Dataset entries:
****
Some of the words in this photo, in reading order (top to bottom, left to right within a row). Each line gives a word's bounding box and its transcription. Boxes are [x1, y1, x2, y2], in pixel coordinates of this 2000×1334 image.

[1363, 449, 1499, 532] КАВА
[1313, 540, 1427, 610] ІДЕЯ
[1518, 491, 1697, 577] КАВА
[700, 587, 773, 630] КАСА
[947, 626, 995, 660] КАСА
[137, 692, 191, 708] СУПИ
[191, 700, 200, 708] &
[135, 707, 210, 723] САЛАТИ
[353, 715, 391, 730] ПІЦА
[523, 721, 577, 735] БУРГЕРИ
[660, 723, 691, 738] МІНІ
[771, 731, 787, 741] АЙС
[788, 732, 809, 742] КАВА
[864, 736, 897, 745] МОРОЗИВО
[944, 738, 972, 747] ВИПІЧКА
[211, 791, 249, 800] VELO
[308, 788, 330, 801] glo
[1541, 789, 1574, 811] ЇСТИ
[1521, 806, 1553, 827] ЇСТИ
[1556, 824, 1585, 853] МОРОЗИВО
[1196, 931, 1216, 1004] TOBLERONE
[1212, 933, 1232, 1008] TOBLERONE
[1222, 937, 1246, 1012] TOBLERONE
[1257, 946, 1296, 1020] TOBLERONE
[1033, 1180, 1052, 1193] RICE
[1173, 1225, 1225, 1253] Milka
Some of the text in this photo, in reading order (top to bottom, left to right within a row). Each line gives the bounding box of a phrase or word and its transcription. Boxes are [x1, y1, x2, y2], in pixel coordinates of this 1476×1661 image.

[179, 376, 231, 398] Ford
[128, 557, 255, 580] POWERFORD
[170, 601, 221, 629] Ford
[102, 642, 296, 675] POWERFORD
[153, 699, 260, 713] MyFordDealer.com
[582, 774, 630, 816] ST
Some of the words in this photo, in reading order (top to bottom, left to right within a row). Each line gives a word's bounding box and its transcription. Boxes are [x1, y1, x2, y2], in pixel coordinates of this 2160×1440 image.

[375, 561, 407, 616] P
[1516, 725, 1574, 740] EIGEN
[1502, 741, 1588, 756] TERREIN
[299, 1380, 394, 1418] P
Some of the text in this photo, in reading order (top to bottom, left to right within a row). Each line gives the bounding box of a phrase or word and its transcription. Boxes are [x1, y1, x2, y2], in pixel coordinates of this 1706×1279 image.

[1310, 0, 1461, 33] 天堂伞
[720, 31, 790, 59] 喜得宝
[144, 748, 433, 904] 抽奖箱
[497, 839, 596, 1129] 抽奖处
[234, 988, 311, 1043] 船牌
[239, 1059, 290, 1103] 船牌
****
▶ What to produce
Return word for word the line with "this 1476×1661 image." and every line after it through the end of the records above.

▶ Solved problem
Some of the text in this photo, in reading order (top to bottom, left to right within a row). Each line gives the bounding box of a phrase or word and its transcription. Boxes are [x1, y1, x2, y2], in pixel coordinates of this 1476×1661 image.

[179, 376, 231, 398] Ford
[128, 557, 255, 580] POWERFORD
[170, 601, 221, 629] Ford
[102, 642, 296, 675] POWERFORD
[153, 699, 260, 713] MyFordDealer.com
[582, 774, 630, 816] ST
Some of the words in this photo, in reading order (top to bottom, left to right within a row). Each line gives a word's bounding box and its transcription. Boxes are [x1, y1, x2, y2], in pixel coordinates of this 2160×1440 image.

[375, 561, 407, 616] P
[1516, 725, 1574, 740] EIGEN
[1502, 741, 1588, 756] TERREIN
[299, 1380, 394, 1418] P
Some of the text in this photo, in reading order (top to bottom, left to right within a row). Each line gives the bounding box of a phrase or word and its transcription. Boxes are [x1, y1, x2, y2], in pixel coordinates of this 1706×1279 image.

[1310, 0, 1461, 33] 天堂伞
[720, 31, 790, 59] 喜得宝
[144, 748, 433, 904] 抽奖箱
[497, 839, 596, 1129] 抽奖处
[234, 988, 311, 1043] 船牌
[239, 1059, 290, 1103] 船牌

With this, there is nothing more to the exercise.